I recently came across a quote by Charles Bukowski.

“Writers are desperate people and when they stop being desperate they stop being writers”.

It got me thinking, perhaps I’ve grown too comfortable. Maybe that’s why I get stuck so often. Have I grown so comfortable in my life that I no longer have anything important to say? Is that why even when the words are flowing reasonably well I sometimes feel like I’m just going through the motions?

Or perhaps I am still desperate after all. Perhaps the very fact that I’m so neurotic about the quality of my writing proves how desperate I am. Desperate for approval, desperate to leave something that will live on long after I’m gone. Most importantly, desperate to write something people want to read. I am realizing that these aren’t the ways a writer should be desperate.
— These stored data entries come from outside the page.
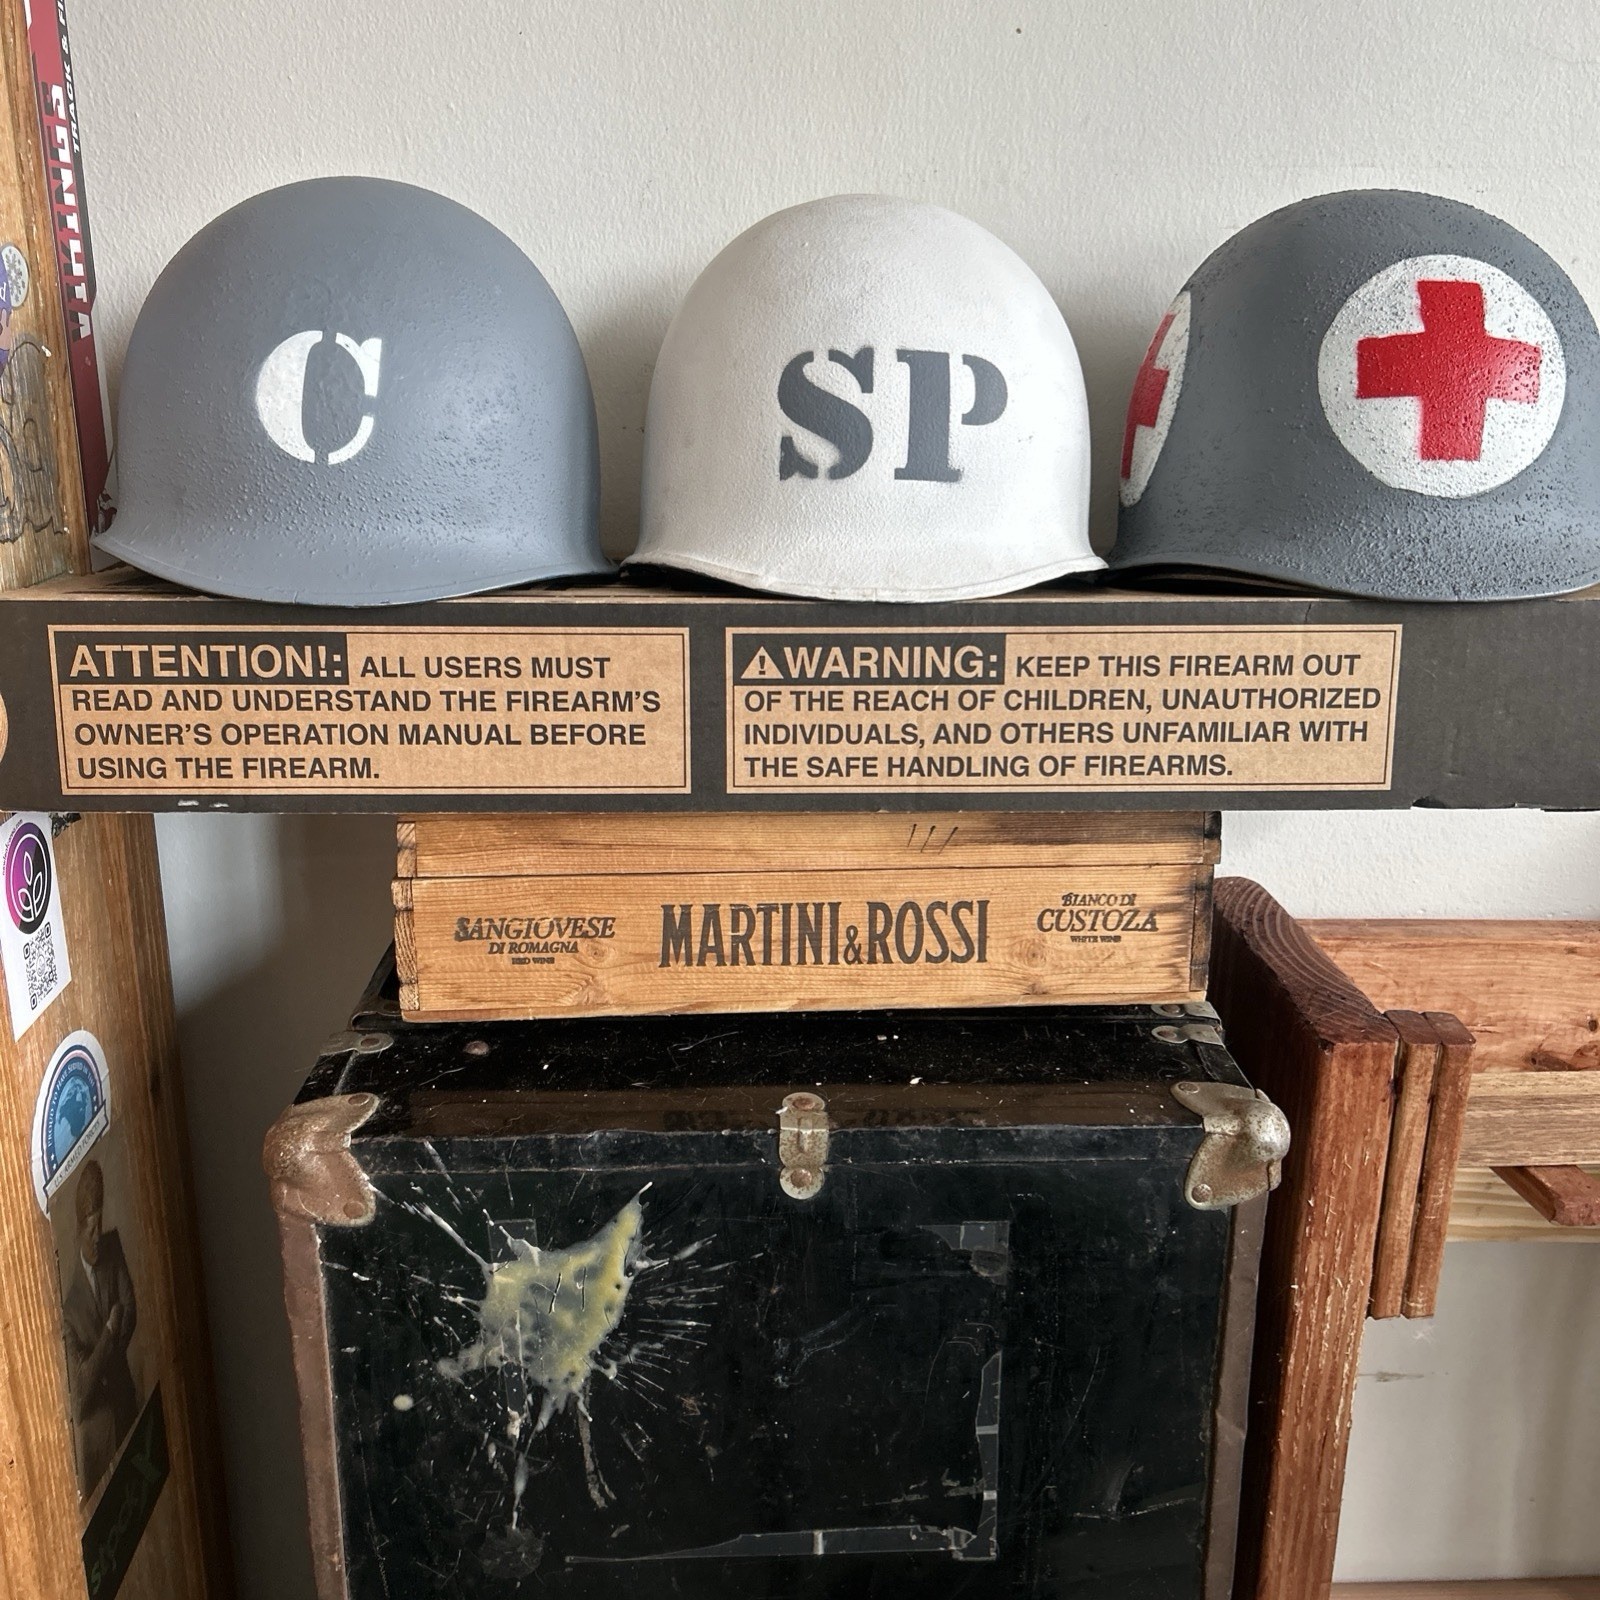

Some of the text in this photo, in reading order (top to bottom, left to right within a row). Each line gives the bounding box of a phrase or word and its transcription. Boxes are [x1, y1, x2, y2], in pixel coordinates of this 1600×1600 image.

[61, 34, 69, 54] &
[64, 61, 81, 153] TRACK
[41, 81, 91, 342] VIKINGS
[256, 330, 382, 465] C
[777, 346, 1009, 483] SP
[70, 645, 610, 678] ATTENTION!: ALL USERS MUST
[783, 645, 1360, 678] WARNING: KEEP THIS FIREARM OUT
[72, 690, 660, 712] READ AND UNDERSTAND THE FIREARM'S
[745, 688, 1380, 714] OF THE REACH OF CHILDREN, UNAUTHORIZED
[75, 724, 645, 745] OWNER'S OPERATION MANUAL BEFORE
[745, 721, 1367, 748] INDIVIDUALS, AND OTHERS UNFAMILIAR WITH
[78, 757, 379, 779] USING THE FIREARM.
[744, 755, 1232, 777] THE SAFE HANDLING OF FIREARMS.
[1061, 892, 1138, 907] BIANCO DI
[454, 916, 616, 942] SANGIOVESE
[1036, 908, 1159, 933] CUSTOZA
[488, 941, 580, 955] DI ROMAGNA
I know that if I try to make my writing perfect I will never write a word. It’s the reason I get so frustrated and give up. The words sound so perfect in my head but when I try to put them on paper they all come out wrong. The beautiful thought I had is garbled and unrecognizable.

Maybe it’s time I started taking steps to make myself a little less comfortable. Comfort equals safety. Maybe it’s time to stop being so damned safe about everything I do. It’s time to take a risk or two. Even if I start small it will still give me that taste of fear I’m so desperately craving. Maybe it’s time to be daring and stop caring so damned much about what other people think.

The time has come to start pushing my babies out of the nest to see if they fly.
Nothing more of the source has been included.